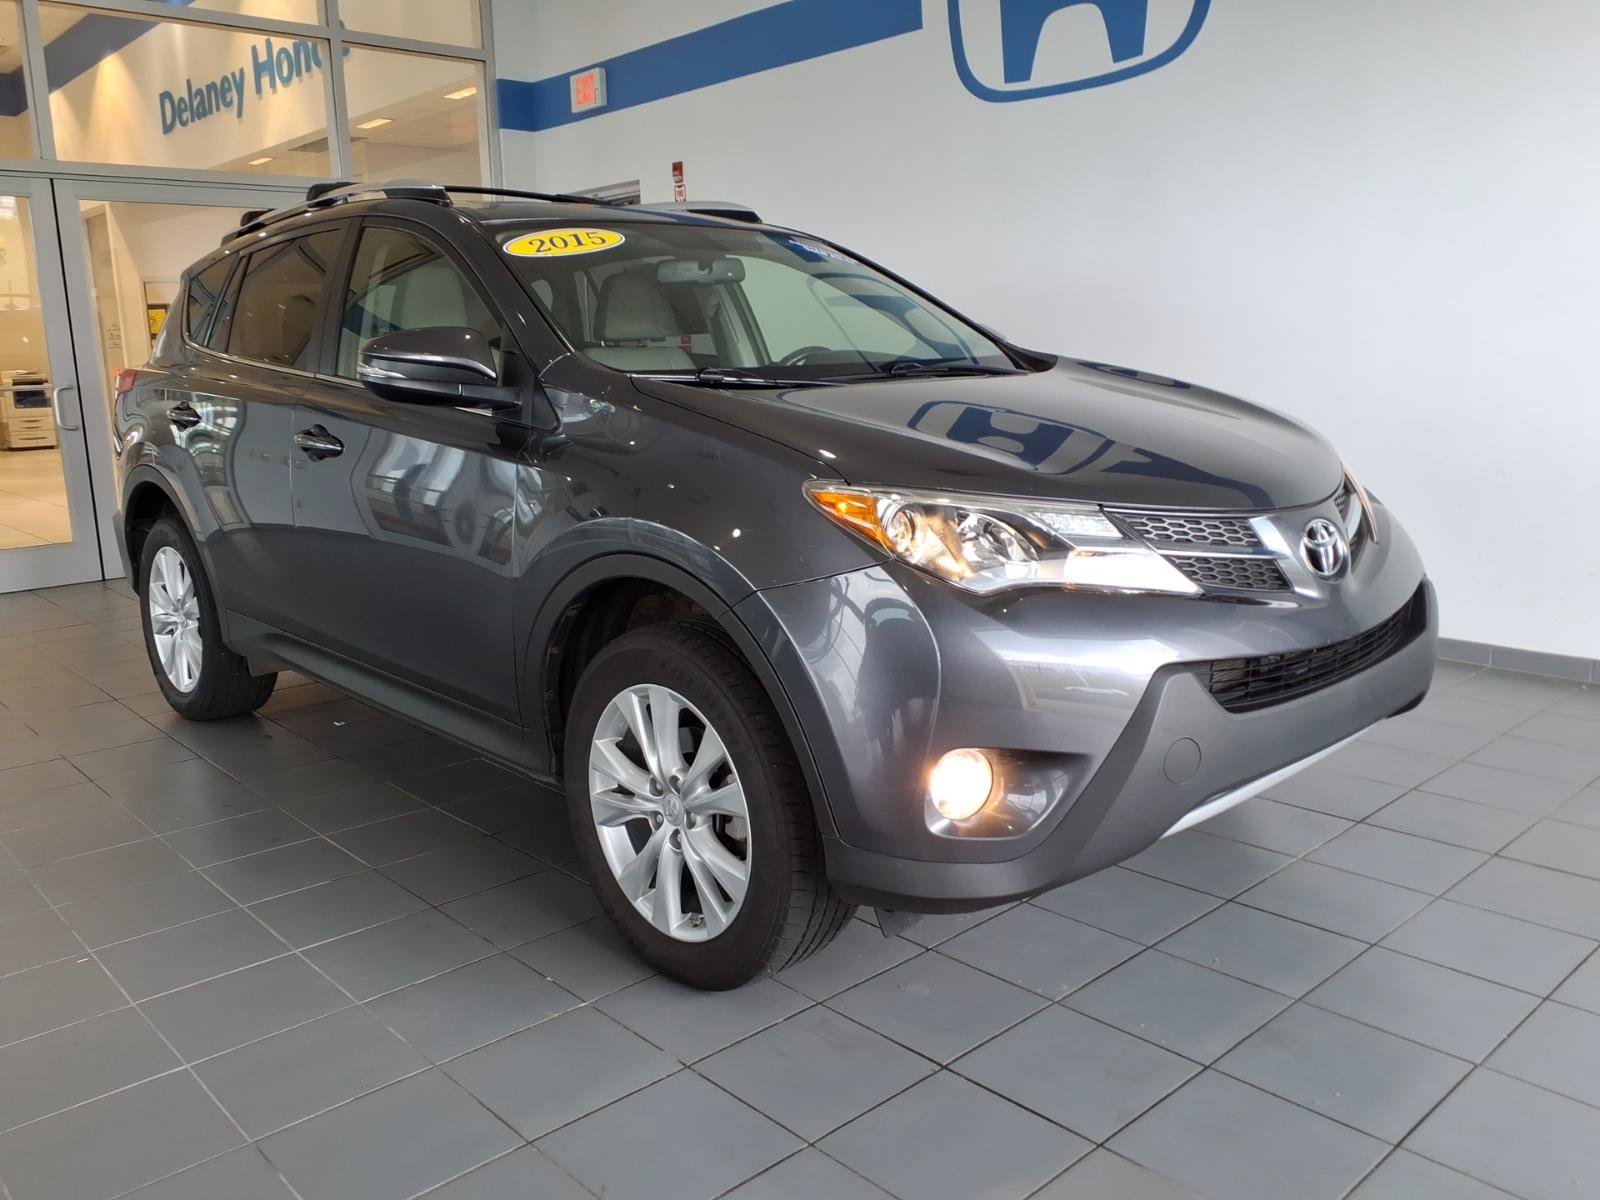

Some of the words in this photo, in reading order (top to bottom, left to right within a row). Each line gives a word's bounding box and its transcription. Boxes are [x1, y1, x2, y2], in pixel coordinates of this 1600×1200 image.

[159, 67, 245, 135] Delaney
[251, 20, 350, 95] Hon
[528, 231, 606, 253] 2015
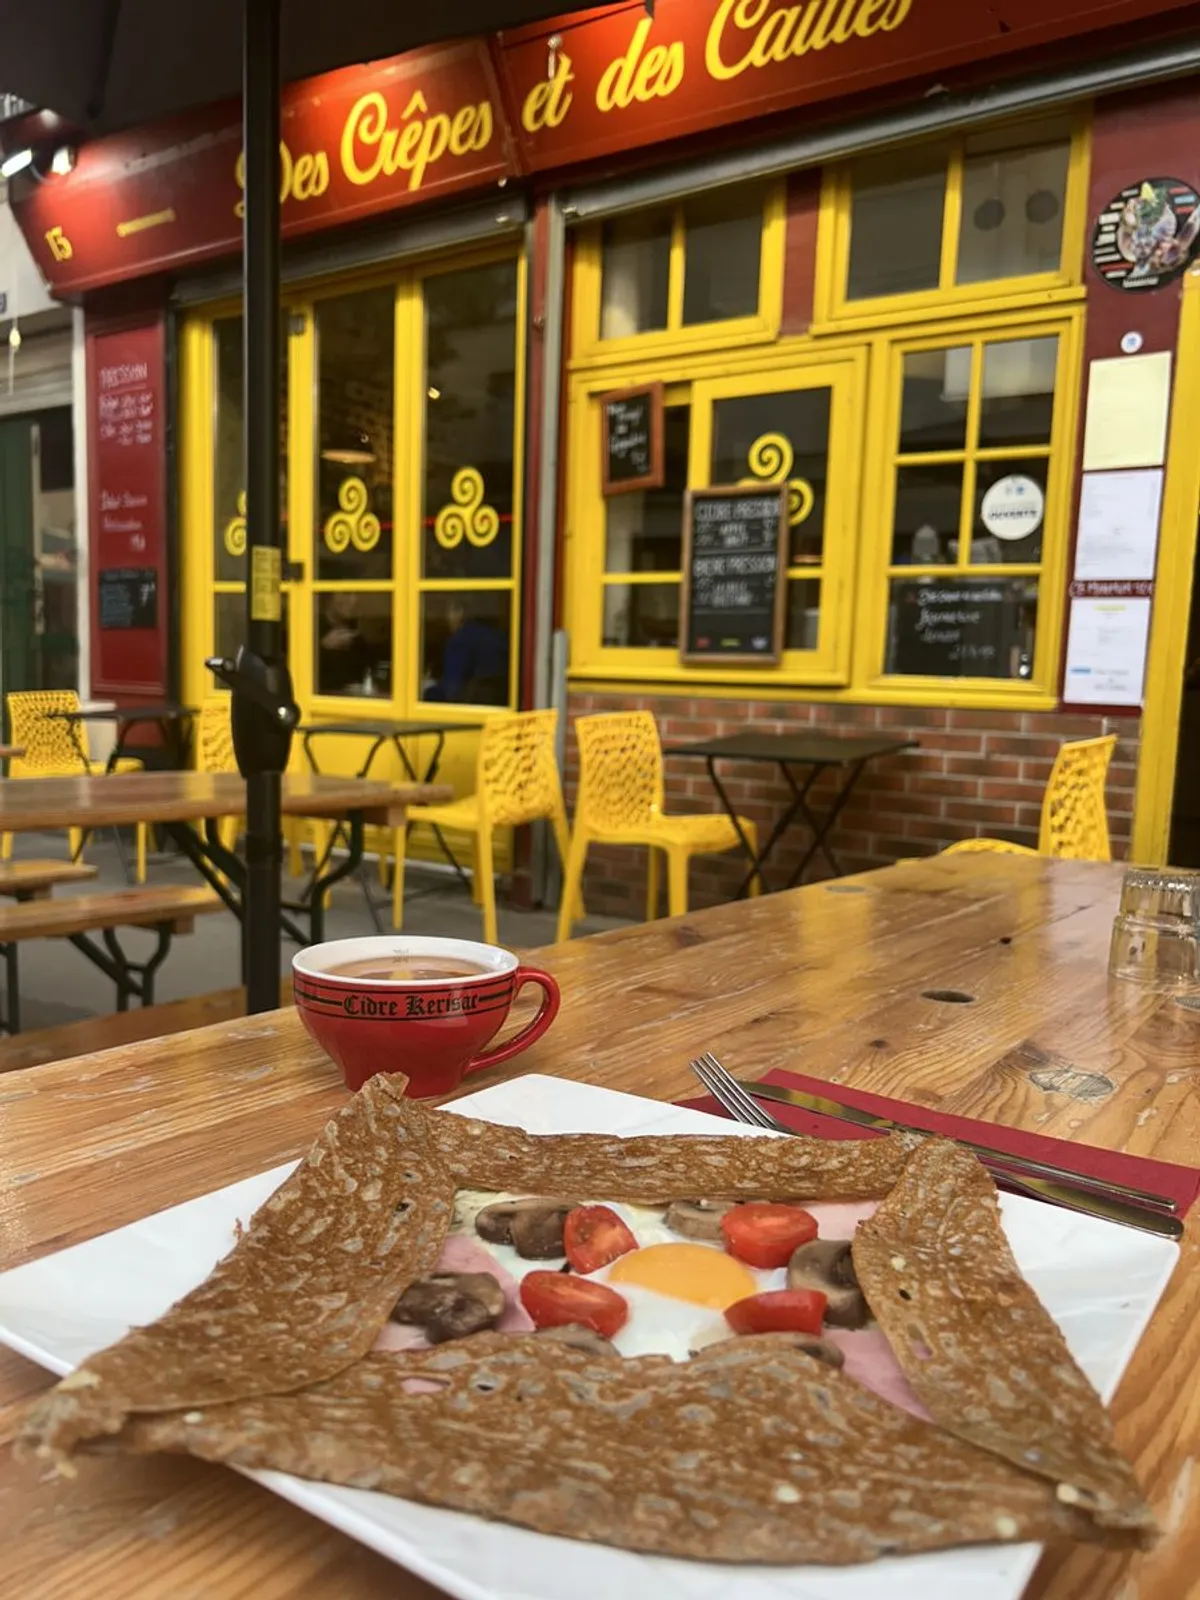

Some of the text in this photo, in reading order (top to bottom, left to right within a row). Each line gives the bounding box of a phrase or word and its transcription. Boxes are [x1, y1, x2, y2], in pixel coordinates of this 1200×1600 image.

[340, 90, 493, 191] Crêpes
[522, 51, 575, 133] et
[595, 16, 685, 112] des
[344, 995, 398, 1016] Cidre
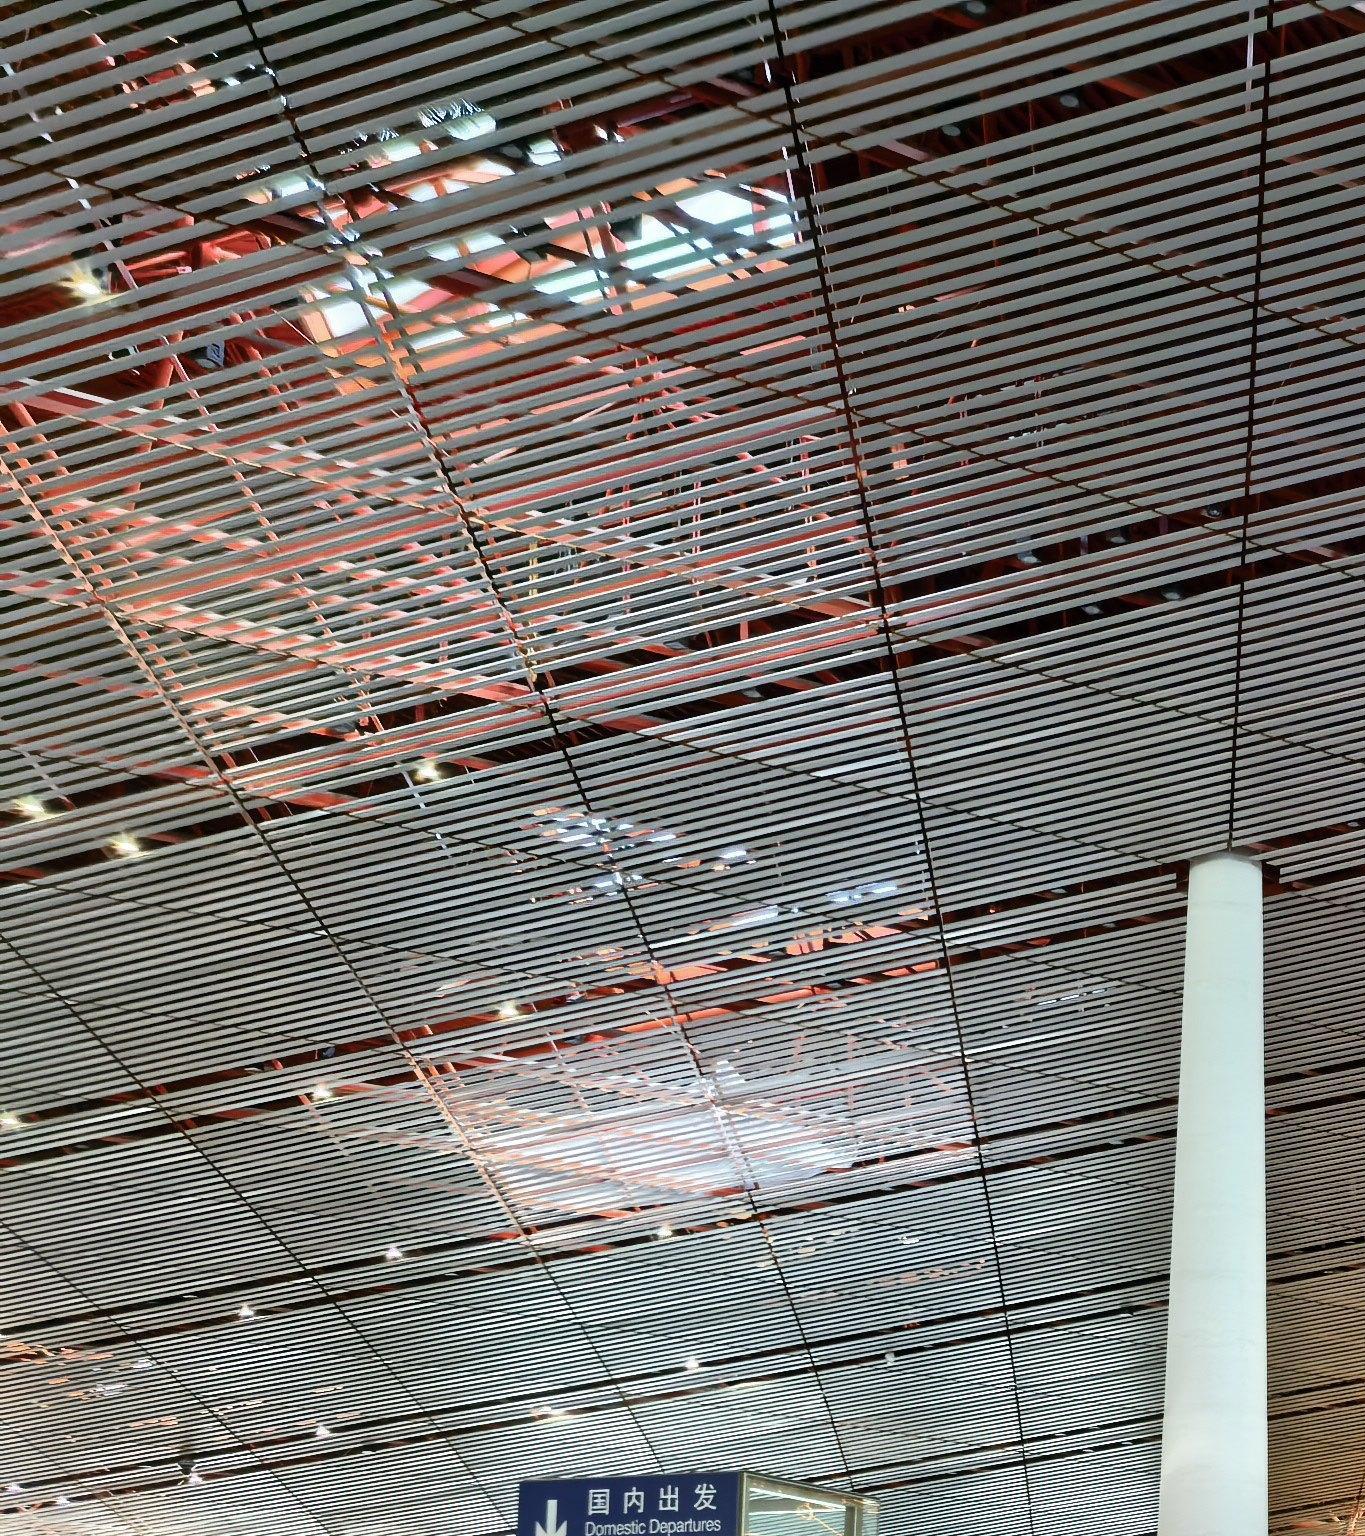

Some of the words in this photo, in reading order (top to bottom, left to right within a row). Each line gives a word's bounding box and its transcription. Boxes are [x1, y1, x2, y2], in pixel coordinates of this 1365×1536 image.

**Your assignment**. Wherever a picture appears in the records above, skip it and retype everything else exactly.

**Answer box**.
Some of the words in this photo, in reading order (top to bottom, left to right within a row). Each line gives a word's bounding box and its transcription. Boxes are [x1, y1, x2, y2], in pixel coordinates of this 1600×1200 image.

[159, 67, 245, 135] Delaney
[251, 20, 350, 95] Hon
[528, 231, 606, 253] 2015

Some of the text in this photo, in reading order (top to bottom, left to right within a row). Each line gives the bounding box of a phrase or word and its transcription. Boxes are [x1, y1, x2, y2], in pixel coordinates of this 1200×1600 image.

[340, 90, 493, 191] Crêpes
[522, 51, 575, 133] et
[595, 16, 685, 112] des
[344, 995, 398, 1016] Cidre

Some of the words in this photo, in reading order (top to bottom, left to right within a row). Each line gives a word's bounding box and its transcription. Boxes are [x1, y1, x2, y2], in pixel coordinates of this 1365×1536 image.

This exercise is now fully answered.